Country 064 – Libya (Parallel)

ParallelLocation: 217 Geary Avenue, Toronto
Websitehttps://parallelbrothers.com/

I wasn’t sure which country this would fall under.  Parallel’s website describes itself as “Middle-Eastern and Mediterranean,” which doesn’t exactly narrow things down.  I ordered shakshuka, and Wikipedia lists Libya first in the list of countries where this dish is served.  So sure, Libya it is.

Parallel

Parallel is a new restaurant from the people behind Ozery Bakery (which sells some good stuff, FYI).  They also make and sell their own tahini, which features heavily in most of the dishes on their menu.  You can see the very impressive looking machine they use to crush the sesame seeds at the back of the restaurant.

Parallel

I ordered the hammshuka, which is shakshuka that’s served on a bed of freshly-made hummus.
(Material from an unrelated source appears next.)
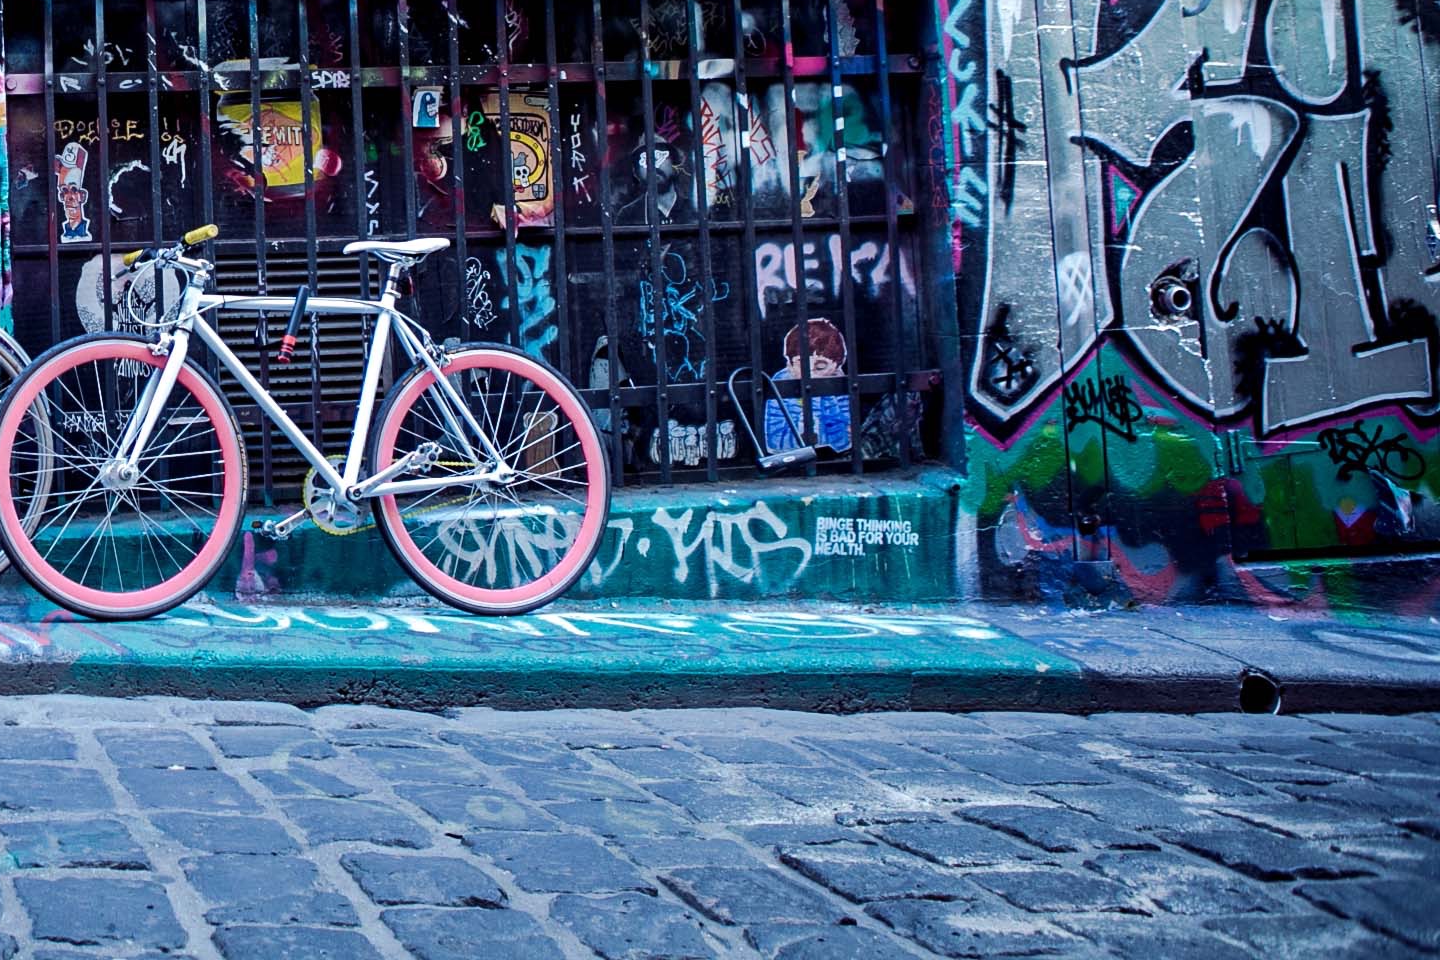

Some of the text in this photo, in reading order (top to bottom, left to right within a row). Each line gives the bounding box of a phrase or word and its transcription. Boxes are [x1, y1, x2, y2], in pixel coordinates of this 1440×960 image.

It was very, very good.  The hummus was odd; not surprisingly, the tahini flavour was front-and-centre.  The lemon was almost imperceptible, and if there was any garlic at all, I couldn’t taste it.  It was subtle and unlike any hummus I’ve ever had, but it grew on me.

Parallel

Better was the shakshuka (which, for the initiated, is a dish in which eggs are baked in a thick tomato sauce).  It had a rich, garlicky flavour, and the eggs were cooked perfectly.  It was topped with a very liberal amount of good-quality extra virgin olive oil — enough to give the dish EVOO’s distinctive nutty flavour.

I ordered it with roasted eggplant (other add-ons include goat cheese and roasted peppers), which turned out to be a wise choice.  The eggplant was smoky and amazing, and complimented the shakshuka perfectly.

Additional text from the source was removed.